Zilda Arns - "Quem olha e vê, sai de si "



A ÚLTIMA PREGAÇÃO
Escombros da Igreja Sacré Coeur de Tugeau, em cuja casa paroquial Zilda Arns proferiu uma palestra antes de morrer



Fundadora da Pastoral da Criança, a médica Zilda Arns dedicou a existência a minorar o sofrimento dos despossuídos e a evitar o desperdício da vida. Até o último minuto.
Nos anos 80, por sugestão de dom Paulo, a pediatra e sanitarista aceitou formular um projeto para disseminar o uso do recém-criado soro caseiro, aproveitando a imensa influência da Igreja Católica entre os pobres, e com isso combater o flagelo da mortalidade infantil. Assim nasceu a Pastoral da Criança, um projeto tão singelo na sua concepção quanto na execução. Consistia em identificar, nas paróquias e comunidades católicas, lideranças que treinariam voluntárias para ensinar mães pobres a adotar o soro. Essa e outras medidas igualmente simples ajudariam a evitar que seus filhos morressem de diarreia, desidratação, contaminação e outros males fáceis de vencer com quase nada de dinheiro e um pouco de informação. O local escolhido para iniciar o trabalho foi a pequena Florestópolis, no Paraná. Lá, a mortalidade infantil era tão alta que, no único cemitério existente, o número de cruzes de tamanho pequeno, que sinalizavam os túmulos de crianças, superava em muito o de cruzes grandes. Depois do trabalho da Pastoral, a taxa de mortalidade baixou de 127 óbitos em cada 1 000 crianças nascidas vivas para 28. A partir daí, o programa foi sendo exponencialmente replicado até alcançar 72% do território nacional, além de vinte países na América Latina, África e Ásia.
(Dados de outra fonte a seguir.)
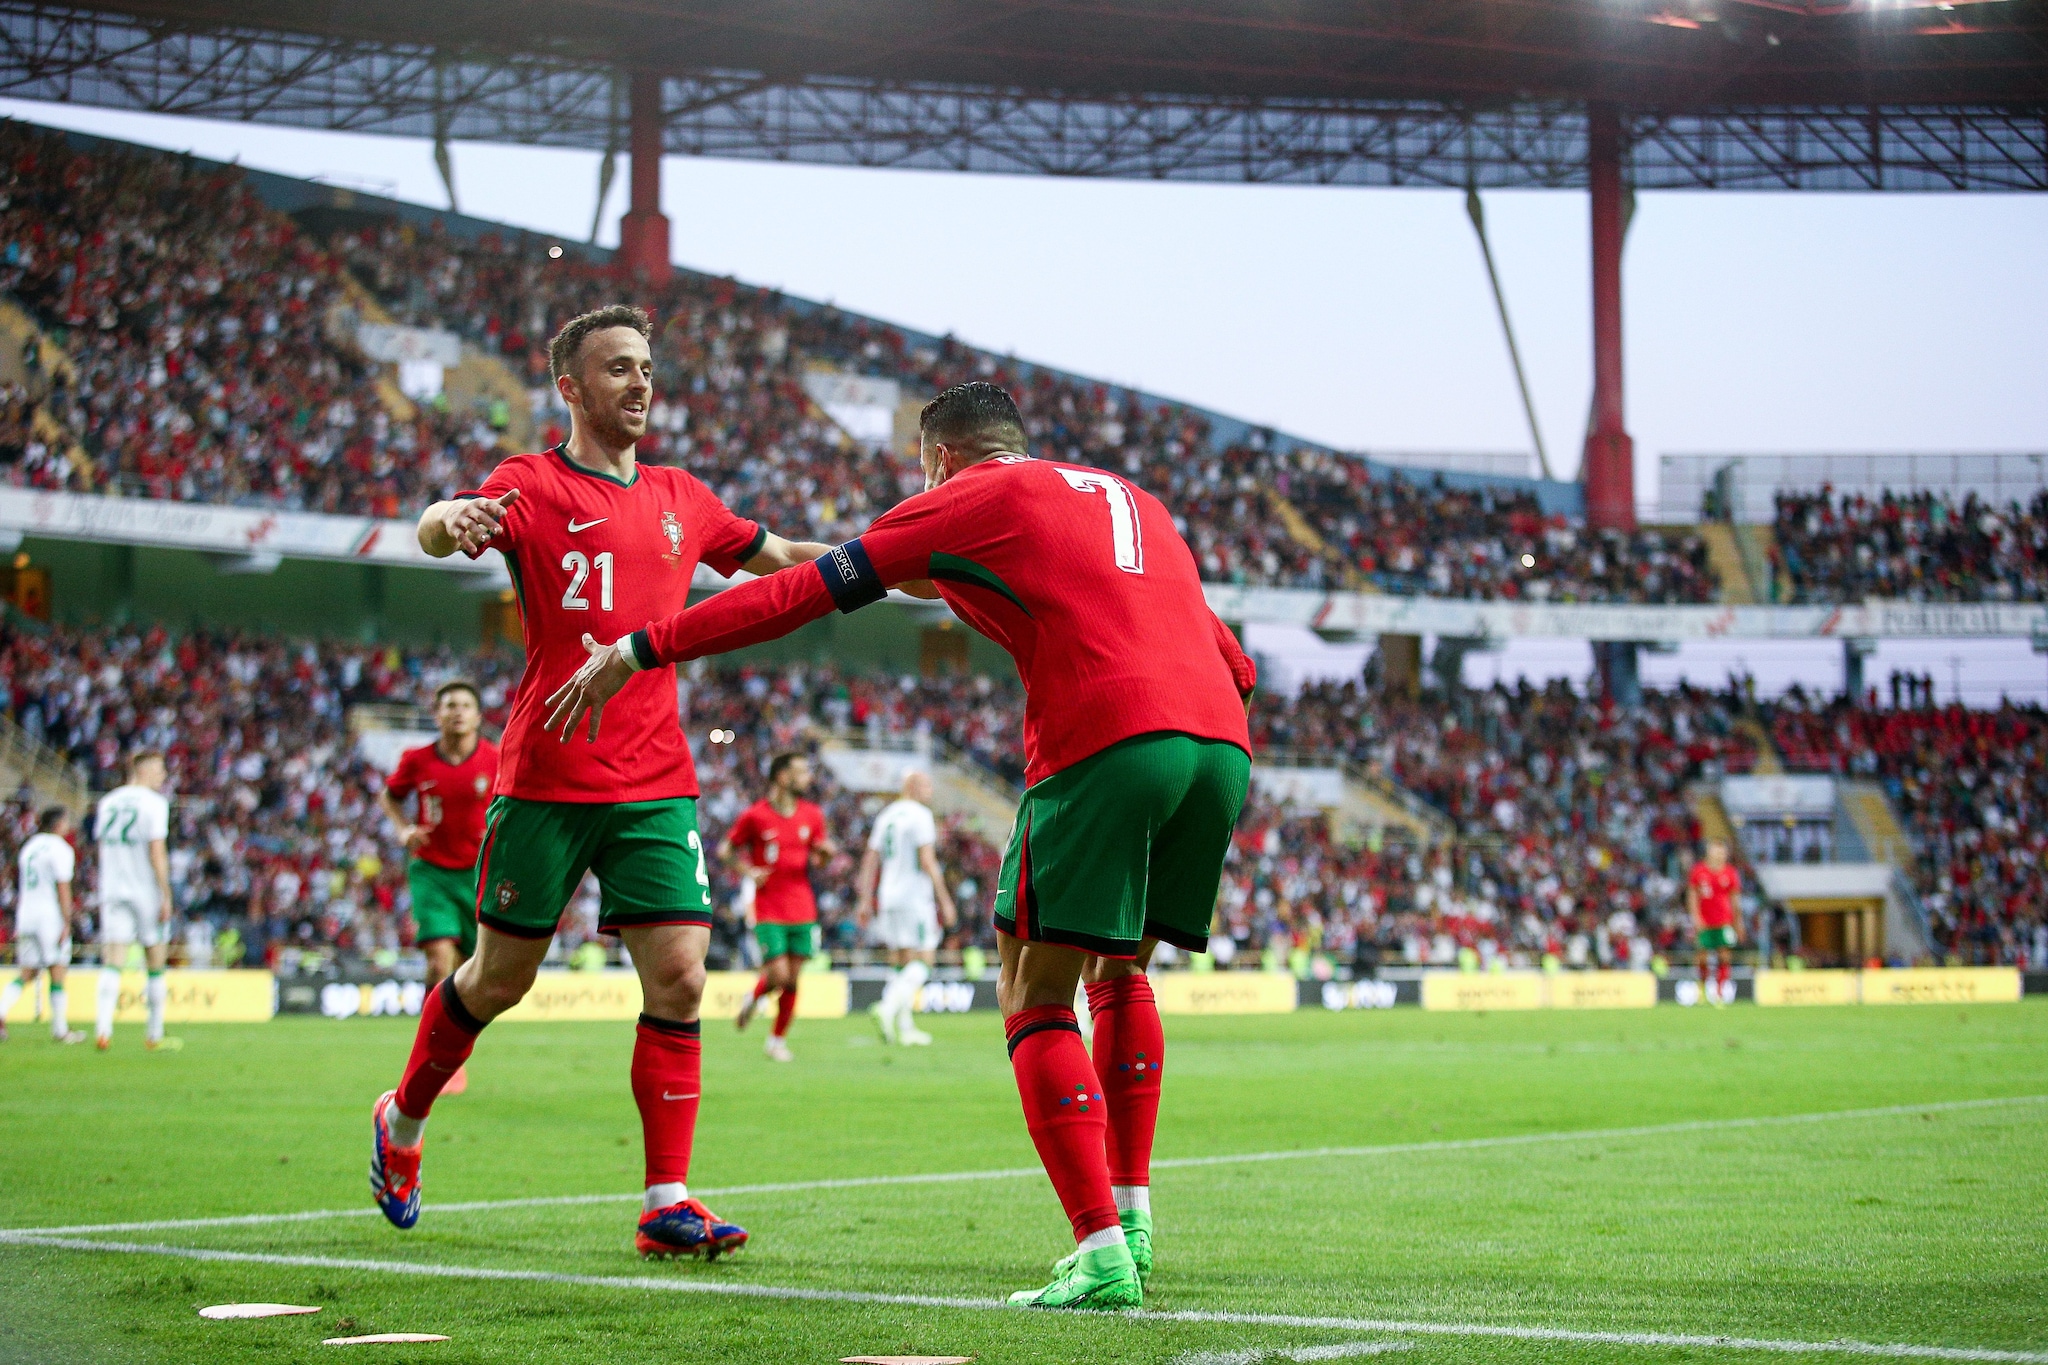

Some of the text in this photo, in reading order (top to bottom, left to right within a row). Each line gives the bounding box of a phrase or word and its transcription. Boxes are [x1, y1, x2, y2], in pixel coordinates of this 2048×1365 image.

[1054, 467, 1144, 575] 7
[561, 551, 614, 611] 21
[101, 805, 138, 847] 22
Ao longo dos 25 anos em que esteve à frente da Pastoral da Criança, Zilda Arns visitou os cantos mais remotos do Brasil. Aterrissou em um sem-fim de aeroportos, fez travessias em barcos precários e sacolejou de ônibus por estradas que eram mais buraco do que chão. Seus olhinhos azuis sempre radiantes se acostumaram a ver a pobreza extrema e seu corpo forte se habituou à contenção e à precariedade:


" Amar é acolher, amar é compreender ,
amar é fazer o outro crescer"
Zilda Arns


Zilda Arns tinha 75 anos, um terço dos quais consagrados aos despossuídos e à tarefa de celebrar o caráter sagrado da vida – o que ela fez em cada uma das infinitas vezes em que ajudou a evitarseu desperdício.

Com gestos miúdos, persistência de formiga e fé colossal, construiu uma epopeia silenciosa que mudou a face do Brasil e o destino de milhões de pessoas.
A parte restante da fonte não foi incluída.